Una breve storia dell’era neoliberista
Il 15 agosto 1971 cala il sipario sul gold-exchange standard e si alza – anche se allora non lo sapevamo e pensavamo diversamente – sull’era neoliberista. Svalutazione, controlli sulle esportazioni, congelamento dei prezzi salariali e stimolo fiscale all’estero : queste erano misure keynesiane e persino in tempo di guerra che sembravano segnalare una conversione di massa della cerchia di Richard Nixon verso la piena occupazione, la stabilità dei prezzi e il commercio gestito. Mio padre, John Kenneth Galbraith, il capo del controllo dei prezzi della seconda guerra mondiale, è stato chiamato dal Washington Post per un commento. “Mi sento come la camminatrice di strada”, ha risposto, “a cui è stato appena detto che non solo la sua professione è legale, ma la più alta forma di servizio municipale”.

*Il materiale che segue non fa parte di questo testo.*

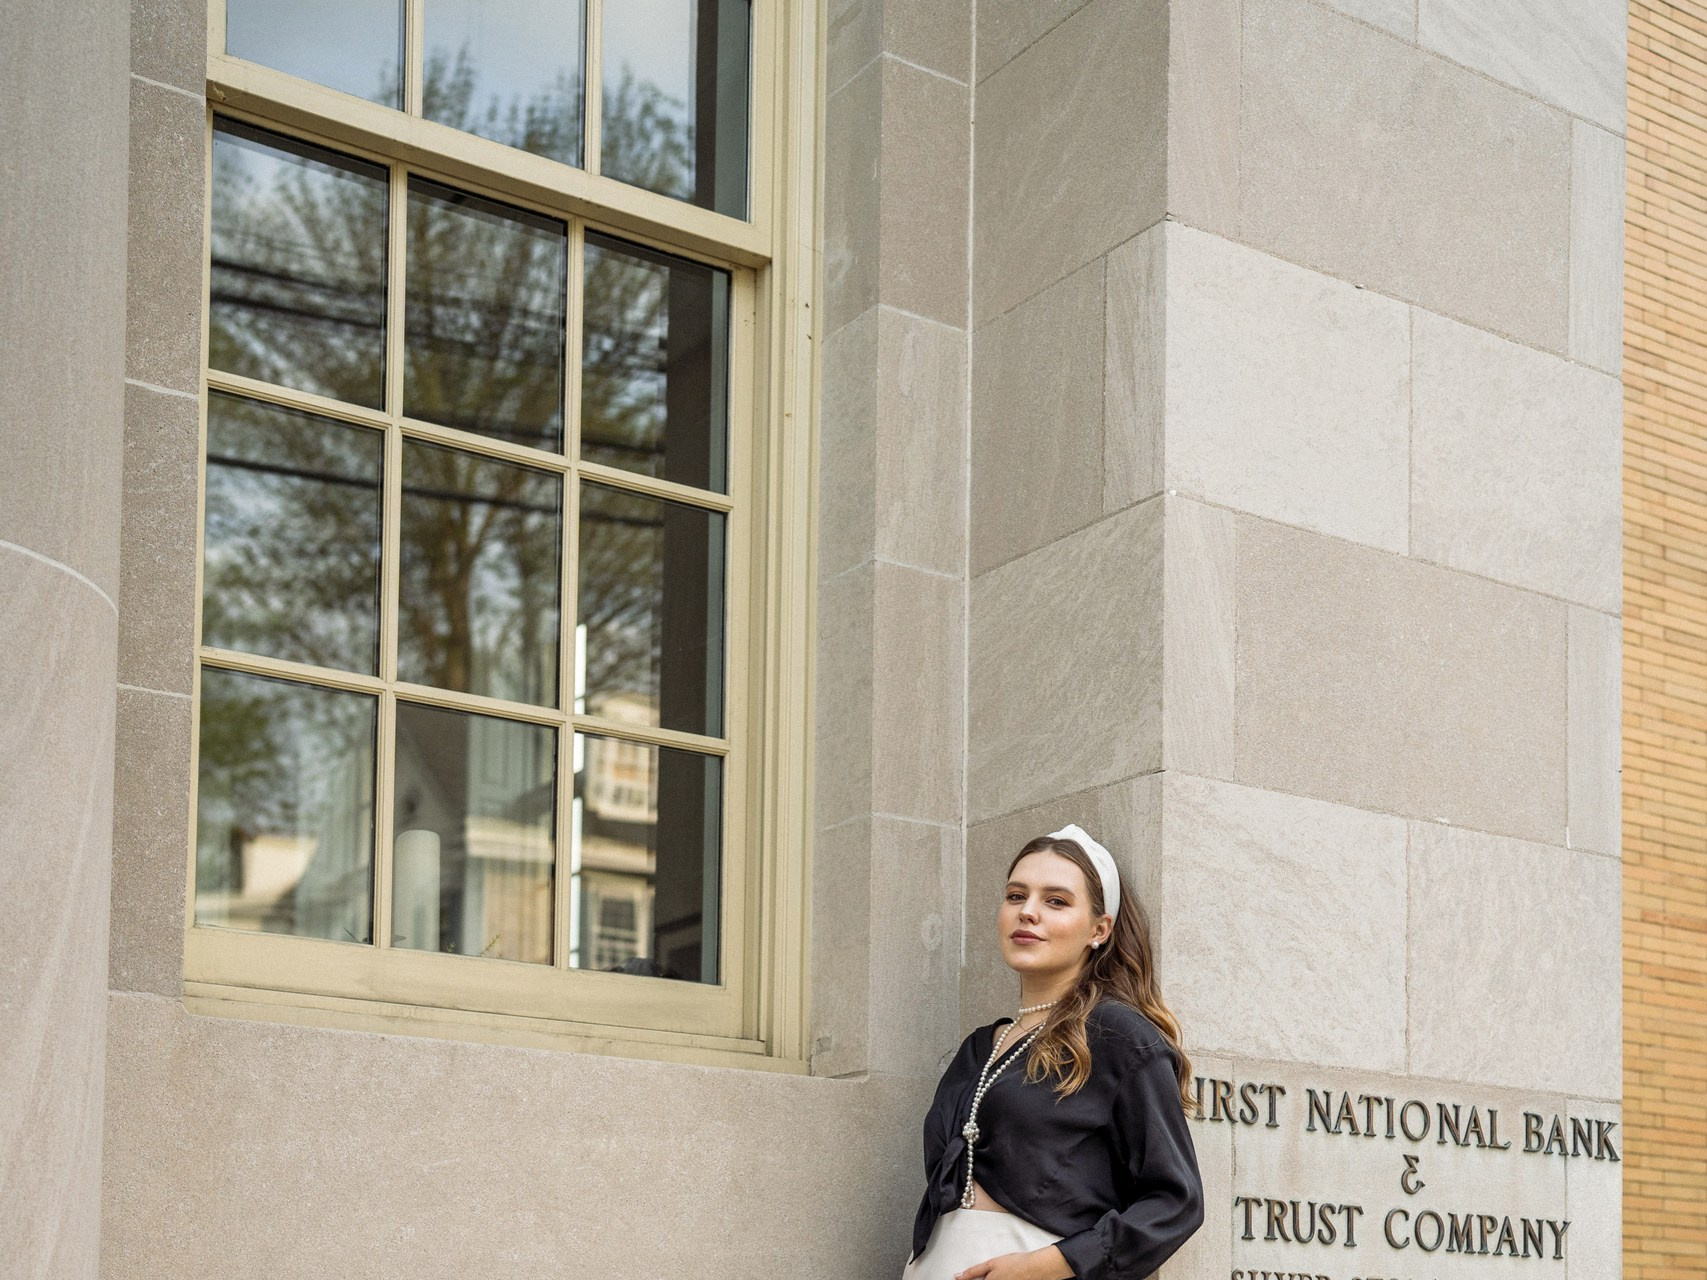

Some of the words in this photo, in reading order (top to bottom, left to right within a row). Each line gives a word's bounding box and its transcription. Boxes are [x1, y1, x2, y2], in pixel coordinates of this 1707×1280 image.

[1194, 1076, 1287, 1128] IRST
[1306, 1089, 1512, 1150] NATIONAL
[1523, 1111, 1621, 1162] BANK
[1400, 1154, 1426, 1195] &
[1234, 1196, 1364, 1248] TRUST
[1384, 1208, 1571, 1260] COMPANY
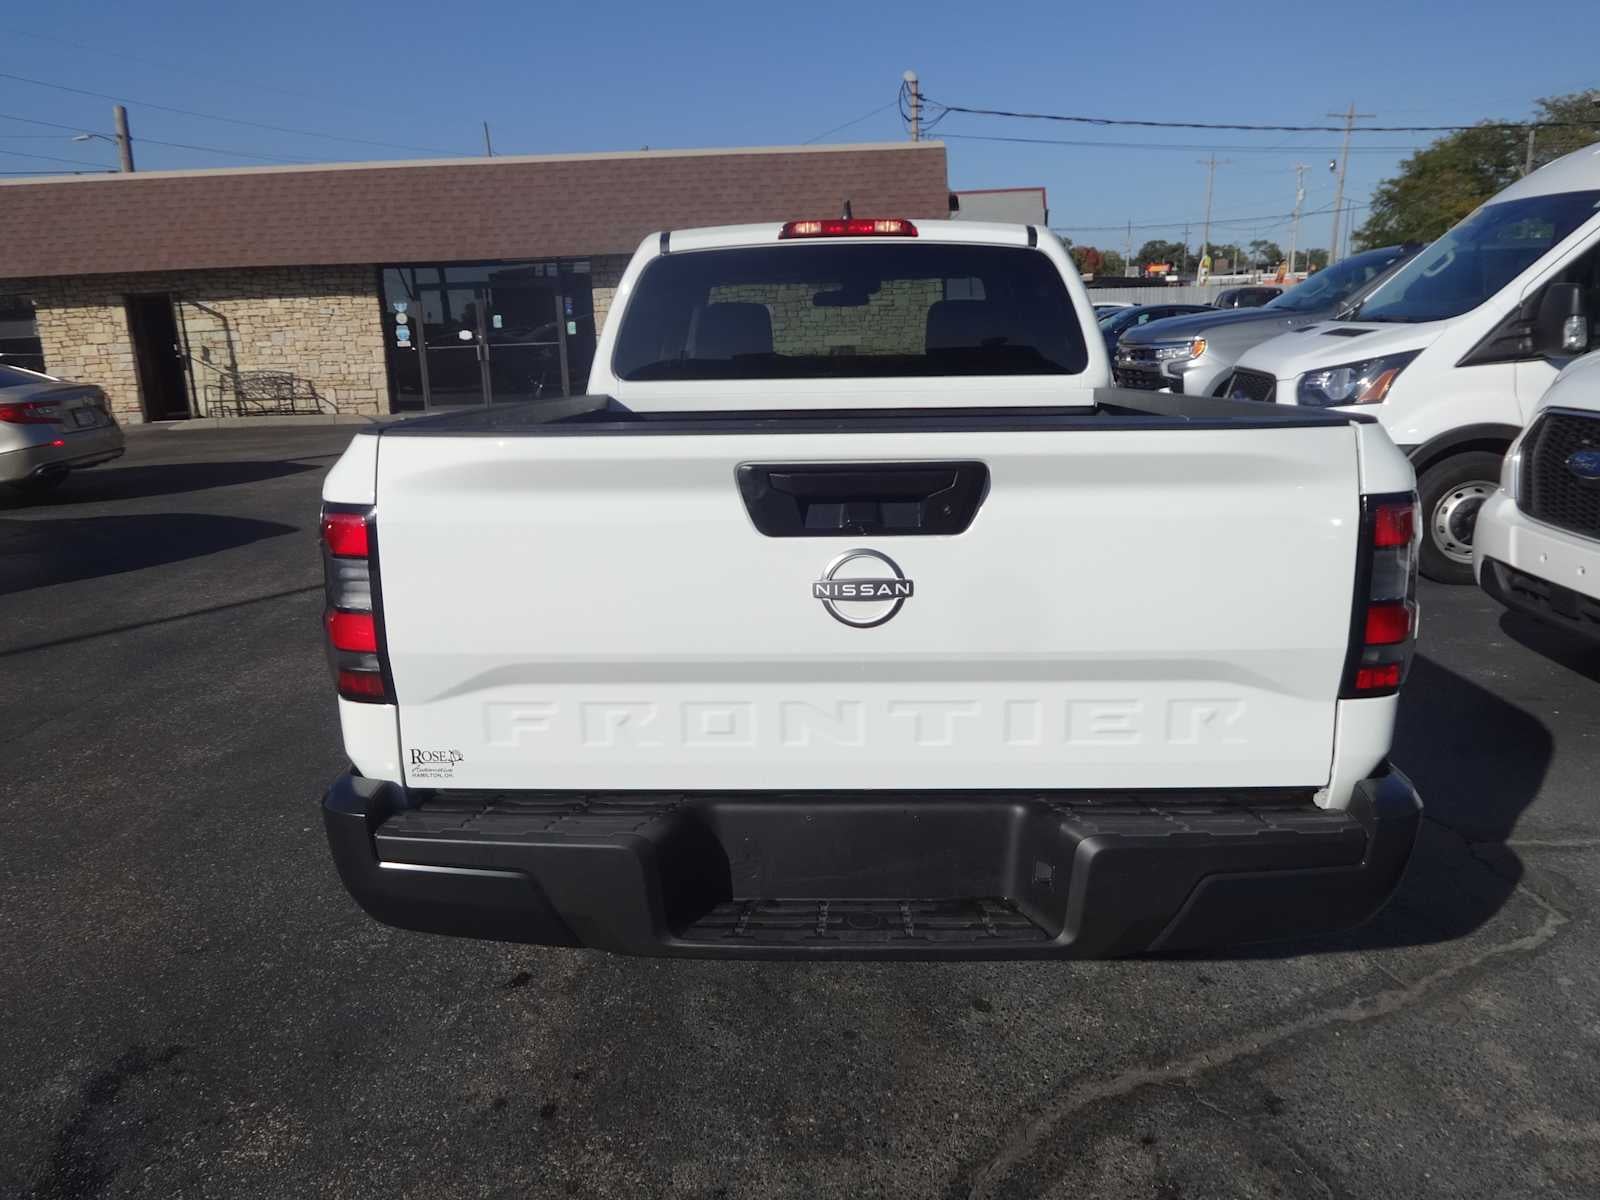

L’impressione è rimasta durante l’anno di crescita esplosiva del 1972, assicurando la rielezione di Nixon con la piena occupazione al salario medio reale più alto di tutti i tempi. Ma andò in pezzi nel 1973 quando lo stimolo terminò, i controlli furono indeboliti o scaduti, i prezzi del petrolio aumentarono e l’inflazione generale risultante fu accolta da alti tassi di interesse, stimolando una nuova crisi nel 1974.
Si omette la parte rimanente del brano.